The bad news is that I have another kidney infection. I am completely exhausted, feverish, in pain, and have little appetite. After dealing with internists who shook their heads at me I went to a urologist today. Just wanted to make sure it actually is a kidney infection since I keep having clean urine cultures, and I don't ever care to repeat the great 4 month long debacle of recurrent, back to back kidney infections of 08 and 09. Sitting among the elderly, the men, and the elderly men, I wondered if I was in the right place. Indeed I was, and the doctor was very agreeable. Whether it was the 800 page biology book I was studying out of or his normal manner, he was attentive and not dismissive about what I said. It was refreshing to have a dialog with someone about my health rather than sitting back and letting the smart person with an advanced degree telling me what's up. I got a shot of gentamicin in the hip, and then came the catheter. "Here comes the catheter" are not words one ever hopes to hear, but it could have been worse. It helps to keep a sense of humor about these things. Imagine one is Eddie Izzard, really. Tomorrow I go in for a CT scan to make sure it's not stones, but the fever and absence of red blood cells in my urine point elsewhere. I would be totally cool with my diagnosis being
vasculoureteral reflux instead of something scary like
igA nephopathy, but I guess that's out because I'm not bleeding out my pee-hole. The internet is a wondrous thing, but also a terrible thing that lets you Google your symptoms and find frightening diseases like that last night, which I was kinda sorta wondering if I had because I just came off an upper respiratory infection and there's the whole no bacteria in my urine thing. Maybe they are stealthy bacteria.

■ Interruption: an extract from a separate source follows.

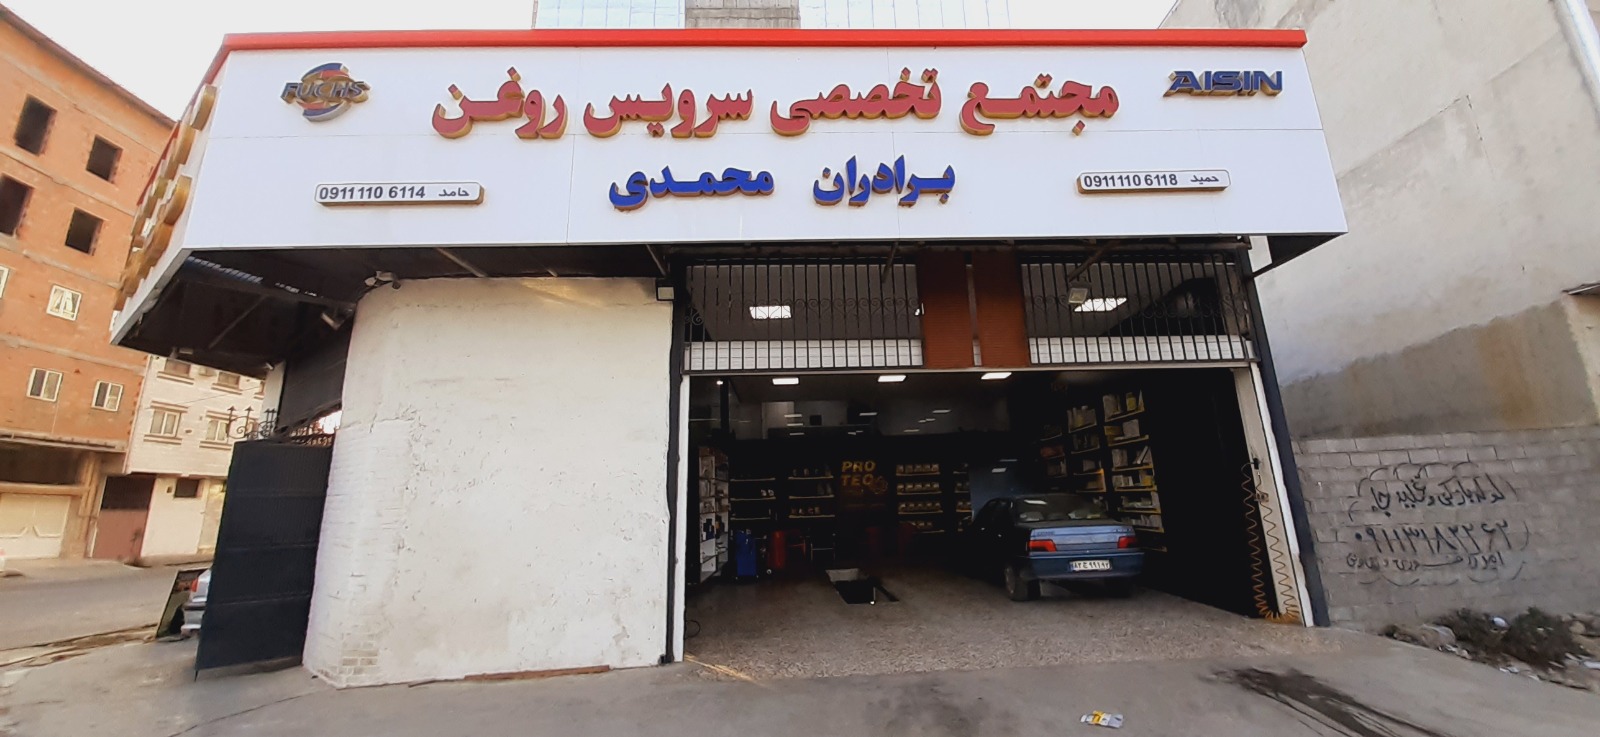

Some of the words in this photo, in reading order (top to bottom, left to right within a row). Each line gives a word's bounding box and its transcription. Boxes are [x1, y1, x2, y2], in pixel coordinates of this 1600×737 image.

The ok news is that school is done with soon. This will bring respite, but first it brings finals. My math final is comprehensive. Ouch. I don't know about chemistry because I just had an exam. Biology is comprehensive but only 50 out of 225 points will be on things before the last exam. I was aiming for straight A's, and I am actually getting 102% in my extremely difficult biology class, probably the hardest of all three. But I've been sacrificing a bit for bio, and while my test grades are all stellar, I missed a couple of quizzes in math (one day the bus was half an hour late, the other was the first week or class and I was having my heat turned on) and my lab scores in chemistry are only average due to stupid mistakes I made. I'd still LIKE all A's, but I've been giving it my all, more than I thought I could, so I suppose I'll be content with what I get.
I'm still pretty isolated here in LB. Jeff has some friends here that I really liked the few times we hung out, but I've just been too busy for it. His friend's sister lives a block from me, literally, and we both agreed we'll get lunch some time... but I just had to cancel plans with a friend for tomorrow because of the CT scan, so I don't really feel like I can make plans.
The good news is that I am narrowing down what I want to do with this whole marine biology thing. Well, not really, but I'm figuring out what interests me. (By the way, why does everyone want to know what I am going to do with it? And why are they surprised that I'll be in college til 2012? I am actually working hard at this, not ordering my degree online.) A link through New Scientist led me to the homepage of one of the labs at Scripps. They are into the same things I am! Like:
Microbiology:
the ecology of marine viruses, bacteria and phytoplankton, and the roles these organisms play in marine food webs and biogeochemical cycles. Also of interest are microbial symbioses in hydrothermal vent orgamisms, bioluminescent fish and invertebrates, and reef building corals, microbial adaptations to pressure and temperature extremes, and the use of bacteria in bioremediation and biotechnology.
Ecology and evolutionary biology and conservation:
community structure in the deep sea benthos, coral reef ecology, genetic structure of invertebrate populations, invertebrate and fish taxonomy and biogeography, evolution and paleobiology of colonial life, speciation in the sea.
Lately I've been pretty fascinated with coral reef ecology, taxonomy, deep sea and hydrothermal vent organisms, extremophiles, and biomedical applications of marine life. Things I am not interested in very much are fisheries management, physiology and development, genetics except where it concerns phylogenetics, physical chemistry, and marine megafauna. I thought maybe I'd go into conservation but just imagining the politics and things like impact studies makes me roll my eyes, so maybe not. Not surprisingly, I'm attracted to the rare, the exotic, the unknown. Like a recently discovered species with a bizarre life cycle that likely represents an entire new phylum.
I shall sign off now, as I think that was enough of a post to make up for months of mostly silence. God, I have so much to talk about, too.